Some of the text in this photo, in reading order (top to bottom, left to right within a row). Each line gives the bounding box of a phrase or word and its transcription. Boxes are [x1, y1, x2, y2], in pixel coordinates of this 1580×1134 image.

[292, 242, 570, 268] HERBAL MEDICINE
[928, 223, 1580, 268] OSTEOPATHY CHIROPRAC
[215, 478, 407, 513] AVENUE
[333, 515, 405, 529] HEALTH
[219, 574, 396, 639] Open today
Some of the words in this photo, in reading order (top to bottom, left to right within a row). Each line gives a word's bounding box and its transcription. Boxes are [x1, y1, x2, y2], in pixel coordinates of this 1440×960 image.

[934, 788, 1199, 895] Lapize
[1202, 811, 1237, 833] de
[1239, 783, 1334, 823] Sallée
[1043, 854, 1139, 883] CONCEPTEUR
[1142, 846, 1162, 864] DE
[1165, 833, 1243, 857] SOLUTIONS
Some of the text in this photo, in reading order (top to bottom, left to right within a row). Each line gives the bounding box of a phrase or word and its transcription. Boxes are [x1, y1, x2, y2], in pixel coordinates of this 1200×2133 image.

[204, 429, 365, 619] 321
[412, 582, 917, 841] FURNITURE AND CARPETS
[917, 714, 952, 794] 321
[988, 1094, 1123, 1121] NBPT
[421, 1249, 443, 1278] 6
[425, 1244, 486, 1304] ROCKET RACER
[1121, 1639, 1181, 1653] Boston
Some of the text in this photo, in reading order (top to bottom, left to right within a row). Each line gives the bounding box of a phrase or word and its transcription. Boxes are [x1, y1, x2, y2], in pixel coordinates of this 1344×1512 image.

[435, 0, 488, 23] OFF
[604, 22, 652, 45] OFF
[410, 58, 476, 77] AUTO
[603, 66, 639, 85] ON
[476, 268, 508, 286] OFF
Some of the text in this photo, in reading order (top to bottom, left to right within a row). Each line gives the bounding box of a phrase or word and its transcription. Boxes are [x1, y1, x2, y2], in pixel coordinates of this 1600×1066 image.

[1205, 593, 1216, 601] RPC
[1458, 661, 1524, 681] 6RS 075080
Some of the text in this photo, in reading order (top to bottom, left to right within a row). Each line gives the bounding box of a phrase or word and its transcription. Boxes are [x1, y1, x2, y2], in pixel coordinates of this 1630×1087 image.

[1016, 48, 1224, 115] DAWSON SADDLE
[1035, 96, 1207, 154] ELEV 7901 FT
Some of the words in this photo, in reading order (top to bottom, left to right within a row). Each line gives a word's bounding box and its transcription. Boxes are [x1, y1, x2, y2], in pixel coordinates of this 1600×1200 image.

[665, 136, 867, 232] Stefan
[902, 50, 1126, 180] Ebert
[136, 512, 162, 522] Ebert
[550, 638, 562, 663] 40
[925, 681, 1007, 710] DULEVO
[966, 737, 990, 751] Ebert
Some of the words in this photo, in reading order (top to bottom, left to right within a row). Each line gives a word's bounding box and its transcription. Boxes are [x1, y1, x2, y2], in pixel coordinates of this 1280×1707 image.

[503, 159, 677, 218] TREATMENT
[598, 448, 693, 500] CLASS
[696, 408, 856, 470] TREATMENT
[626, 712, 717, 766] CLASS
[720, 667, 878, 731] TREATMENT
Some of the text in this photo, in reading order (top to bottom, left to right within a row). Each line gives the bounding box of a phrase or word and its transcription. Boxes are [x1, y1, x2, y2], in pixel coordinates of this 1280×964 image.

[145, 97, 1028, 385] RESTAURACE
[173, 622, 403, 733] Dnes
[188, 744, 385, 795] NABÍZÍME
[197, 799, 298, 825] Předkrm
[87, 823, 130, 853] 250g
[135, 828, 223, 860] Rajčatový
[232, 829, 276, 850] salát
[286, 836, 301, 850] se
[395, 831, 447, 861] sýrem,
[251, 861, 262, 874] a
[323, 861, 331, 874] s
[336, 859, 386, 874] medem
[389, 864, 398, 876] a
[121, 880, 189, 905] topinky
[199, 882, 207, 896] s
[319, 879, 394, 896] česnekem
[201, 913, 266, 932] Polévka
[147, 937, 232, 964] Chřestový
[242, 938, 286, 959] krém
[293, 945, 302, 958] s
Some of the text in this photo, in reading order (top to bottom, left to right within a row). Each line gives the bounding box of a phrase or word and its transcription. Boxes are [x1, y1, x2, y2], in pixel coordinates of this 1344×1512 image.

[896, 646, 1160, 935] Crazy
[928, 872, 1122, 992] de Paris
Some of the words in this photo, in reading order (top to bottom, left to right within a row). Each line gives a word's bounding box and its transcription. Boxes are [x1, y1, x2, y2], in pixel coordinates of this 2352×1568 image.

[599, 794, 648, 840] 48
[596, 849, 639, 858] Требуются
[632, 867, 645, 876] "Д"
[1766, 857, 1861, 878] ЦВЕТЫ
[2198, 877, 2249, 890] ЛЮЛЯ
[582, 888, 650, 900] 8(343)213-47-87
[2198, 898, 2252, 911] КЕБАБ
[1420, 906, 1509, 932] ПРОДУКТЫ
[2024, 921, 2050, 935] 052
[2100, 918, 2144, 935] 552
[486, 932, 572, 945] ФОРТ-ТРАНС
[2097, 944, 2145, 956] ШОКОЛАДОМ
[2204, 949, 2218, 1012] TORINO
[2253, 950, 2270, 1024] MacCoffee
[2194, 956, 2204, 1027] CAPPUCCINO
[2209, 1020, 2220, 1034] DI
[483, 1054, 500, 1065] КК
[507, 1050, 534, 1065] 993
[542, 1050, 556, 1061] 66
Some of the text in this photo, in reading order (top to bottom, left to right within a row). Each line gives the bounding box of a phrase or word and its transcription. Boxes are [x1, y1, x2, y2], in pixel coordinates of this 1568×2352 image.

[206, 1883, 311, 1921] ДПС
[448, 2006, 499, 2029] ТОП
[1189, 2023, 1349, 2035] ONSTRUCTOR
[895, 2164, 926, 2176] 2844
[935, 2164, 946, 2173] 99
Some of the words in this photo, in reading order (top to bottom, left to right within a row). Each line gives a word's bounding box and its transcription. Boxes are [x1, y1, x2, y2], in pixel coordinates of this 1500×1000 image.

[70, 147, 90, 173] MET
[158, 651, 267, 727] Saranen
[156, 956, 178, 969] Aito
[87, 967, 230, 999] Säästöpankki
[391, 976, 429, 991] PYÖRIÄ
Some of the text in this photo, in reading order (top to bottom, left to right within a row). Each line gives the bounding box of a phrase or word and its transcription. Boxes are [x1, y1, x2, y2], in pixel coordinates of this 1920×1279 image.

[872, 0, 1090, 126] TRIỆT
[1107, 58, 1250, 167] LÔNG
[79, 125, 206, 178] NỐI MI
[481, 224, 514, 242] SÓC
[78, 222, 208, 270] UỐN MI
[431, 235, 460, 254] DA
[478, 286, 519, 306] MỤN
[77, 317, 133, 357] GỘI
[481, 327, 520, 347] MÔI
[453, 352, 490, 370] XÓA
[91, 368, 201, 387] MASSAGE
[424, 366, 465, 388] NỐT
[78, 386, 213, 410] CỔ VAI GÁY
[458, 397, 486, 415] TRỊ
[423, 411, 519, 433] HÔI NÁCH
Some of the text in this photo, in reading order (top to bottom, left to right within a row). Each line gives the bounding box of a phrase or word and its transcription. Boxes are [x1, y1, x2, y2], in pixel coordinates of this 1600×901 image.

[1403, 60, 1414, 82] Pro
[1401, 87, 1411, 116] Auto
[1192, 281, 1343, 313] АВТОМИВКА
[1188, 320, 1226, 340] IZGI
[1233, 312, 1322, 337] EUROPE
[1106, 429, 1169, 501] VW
★ ★ ★ ★
Copy out the material in its entirety. Keep it exact.

Some of the text in this photo, in reading order (top to bottom, left to right within a row). Each line gives the bounding box of a phrase or word and its transcription. Boxes are [x1, y1, x2, y2], in pixel coordinates of this 1580×1134 image.

[292, 242, 570, 268] HERBAL MEDICINE
[928, 223, 1580, 268] OSTEOPATHY CHIROPRAC
[215, 478, 407, 513] AVENUE
[333, 515, 405, 529] HEALTH
[219, 574, 396, 639] Open today
Some of the words in this photo, in reading order (top to bottom, left to right within a row). Each line gives a word's bounding box and its transcription. Boxes are [x1, y1, x2, y2], in pixel coordinates of this 1440×960 image.

[934, 788, 1199, 895] Lapize
[1202, 811, 1237, 833] de
[1239, 783, 1334, 823] Sallée
[1043, 854, 1139, 883] CONCEPTEUR
[1142, 846, 1162, 864] DE
[1165, 833, 1243, 857] SOLUTIONS
Some of the text in this photo, in reading order (top to bottom, left to right within a row). Each line gives the bounding box of a phrase or word and its transcription. Boxes are [x1, y1, x2, y2], in pixel coordinates of this 1200×2133 image.

[204, 429, 365, 619] 321
[412, 582, 917, 841] FURNITURE AND CARPETS
[917, 714, 952, 794] 321
[988, 1094, 1123, 1121] NBPT
[421, 1249, 443, 1278] 6
[425, 1244, 486, 1304] ROCKET RACER
[1121, 1639, 1181, 1653] Boston
Some of the text in this photo, in reading order (top to bottom, left to right within a row). Each line gives the bounding box of a phrase or word and its transcription. Boxes are [x1, y1, x2, y2], in pixel coordinates of this 1344×1512 image.

[435, 0, 488, 23] OFF
[604, 22, 652, 45] OFF
[410, 58, 476, 77] AUTO
[603, 66, 639, 85] ON
[476, 268, 508, 286] OFF
Some of the text in this photo, in reading order (top to bottom, left to right within a row). Each line gives the bounding box of a phrase or word and its transcription. Boxes are [x1, y1, x2, y2], in pixel coordinates of this 1600×1066 image.

[1205, 593, 1216, 601] RPC
[1458, 661, 1524, 681] 6RS 075080
Some of the text in this photo, in reading order (top to bottom, left to right within a row). Each line gives the bounding box of a phrase or word and its transcription. Boxes are [x1, y1, x2, y2], in pixel coordinates of this 1630×1087 image.

[1016, 48, 1224, 115] DAWSON SADDLE
[1035, 96, 1207, 154] ELEV 7901 FT
Some of the words in this photo, in reading order (top to bottom, left to right within a row). Each line gives a word's bounding box and its transcription. Boxes are [x1, y1, x2, y2], in pixel coordinates of this 1600×1200 image.

[665, 136, 867, 232] Stefan
[902, 50, 1126, 180] Ebert
[136, 512, 162, 522] Ebert
[550, 638, 562, 663] 40
[925, 681, 1007, 710] DULEVO
[966, 737, 990, 751] Ebert
Some of the words in this photo, in reading order (top to bottom, left to right within a row). Each line gives a word's bounding box and its transcription. Boxes are [x1, y1, x2, y2], in pixel coordinates of this 1280×1707 image.

[503, 159, 677, 218] TREATMENT
[598, 448, 693, 500] CLASS
[696, 408, 856, 470] TREATMENT
[626, 712, 717, 766] CLASS
[720, 667, 878, 731] TREATMENT
Some of the text in this photo, in reading order (top to bottom, left to right within a row). Each line gives the bounding box of a phrase or word and its transcription. Boxes are [x1, y1, x2, y2], in pixel coordinates of this 1280×964 image.

[145, 97, 1028, 385] RESTAURACE
[173, 622, 403, 733] Dnes
[188, 744, 385, 795] NABÍZÍME
[197, 799, 298, 825] Předkrm
[87, 823, 130, 853] 250g
[135, 828, 223, 860] Rajčatový
[232, 829, 276, 850] salát
[286, 836, 301, 850] se
[395, 831, 447, 861] sýrem,
[251, 861, 262, 874] a
[323, 861, 331, 874] s
[336, 859, 386, 874] medem
[389, 864, 398, 876] a
[121, 880, 189, 905] topinky
[199, 882, 207, 896] s
[319, 879, 394, 896] česnekem
[201, 913, 266, 932] Polévka
[147, 937, 232, 964] Chřestový
[242, 938, 286, 959] krém
[293, 945, 302, 958] s
Some of the text in this photo, in reading order (top to bottom, left to right within a row). Each line gives the bounding box of a phrase or word and its transcription. Boxes are [x1, y1, x2, y2], in pixel coordinates of this 1344×1512 image.

[896, 646, 1160, 935] Crazy
[928, 872, 1122, 992] de Paris
Some of the words in this photo, in reading order (top to bottom, left to right within a row). Each line gives a word's bounding box and its transcription. Boxes are [x1, y1, x2, y2], in pixel coordinates of this 2352×1568 image.

[599, 794, 648, 840] 48
[596, 849, 639, 858] Требуются
[632, 867, 645, 876] "Д"
[1766, 857, 1861, 878] ЦВЕТЫ
[2198, 877, 2249, 890] ЛЮЛЯ
[582, 888, 650, 900] 8(343)213-47-87
[2198, 898, 2252, 911] КЕБАБ
[1420, 906, 1509, 932] ПРОДУКТЫ
[2024, 921, 2050, 935] 052
[2100, 918, 2144, 935] 552
[486, 932, 572, 945] ФОРТ-ТРАНС
[2097, 944, 2145, 956] ШОКОЛАДОМ
[2204, 949, 2218, 1012] TORINO
[2253, 950, 2270, 1024] MacCoffee
[2194, 956, 2204, 1027] CAPPUCCINO
[2209, 1020, 2220, 1034] DI
[483, 1054, 500, 1065] КК
[507, 1050, 534, 1065] 993
[542, 1050, 556, 1061] 66
Some of the text in this photo, in reading order (top to bottom, left to right within a row). Each line gives the bounding box of a phrase or word and its transcription. Boxes are [x1, y1, x2, y2], in pixel coordinates of this 1568×2352 image.

[206, 1883, 311, 1921] ДПС
[448, 2006, 499, 2029] ТОП
[1189, 2023, 1349, 2035] ONSTRUCTOR
[895, 2164, 926, 2176] 2844
[935, 2164, 946, 2173] 99
Some of the words in this photo, in reading order (top to bottom, left to right within a row). Each line gives a word's bounding box and its transcription. Boxes are [x1, y1, x2, y2], in pixel coordinates of this 1500×1000 image.

[70, 147, 90, 173] MET
[158, 651, 267, 727] Saranen
[156, 956, 178, 969] Aito
[87, 967, 230, 999] Säästöpankki
[391, 976, 429, 991] PYÖRIÄ
Some of the text in this photo, in reading order (top to bottom, left to right within a row). Each line gives the bounding box of a phrase or word and its transcription. Boxes are [x1, y1, x2, y2], in pixel coordinates of this 1920×1279 image.

[872, 0, 1090, 126] TRIỆT
[1107, 58, 1250, 167] LÔNG
[79, 125, 206, 178] NỐI MI
[481, 224, 514, 242] SÓC
[78, 222, 208, 270] UỐN MI
[431, 235, 460, 254] DA
[478, 286, 519, 306] MỤN
[77, 317, 133, 357] GỘI
[481, 327, 520, 347] MÔI
[453, 352, 490, 370] XÓA
[91, 368, 201, 387] MASSAGE
[424, 366, 465, 388] NỐT
[78, 386, 213, 410] CỔ VAI GÁY
[458, 397, 486, 415] TRỊ
[423, 411, 519, 433] HÔI NÁCH
Some of the text in this photo, in reading order (top to bottom, left to right within a row). Each line gives the bounding box of a phrase or word and its transcription. Boxes are [x1, y1, x2, y2], in pixel coordinates of this 1600×901 image.

[1403, 60, 1414, 82] Pro
[1401, 87, 1411, 116] Auto
[1192, 281, 1343, 313] АВТОМИВКА
[1188, 320, 1226, 340] IZGI
[1233, 312, 1322, 337] EUROPE
[1106, 429, 1169, 501] VW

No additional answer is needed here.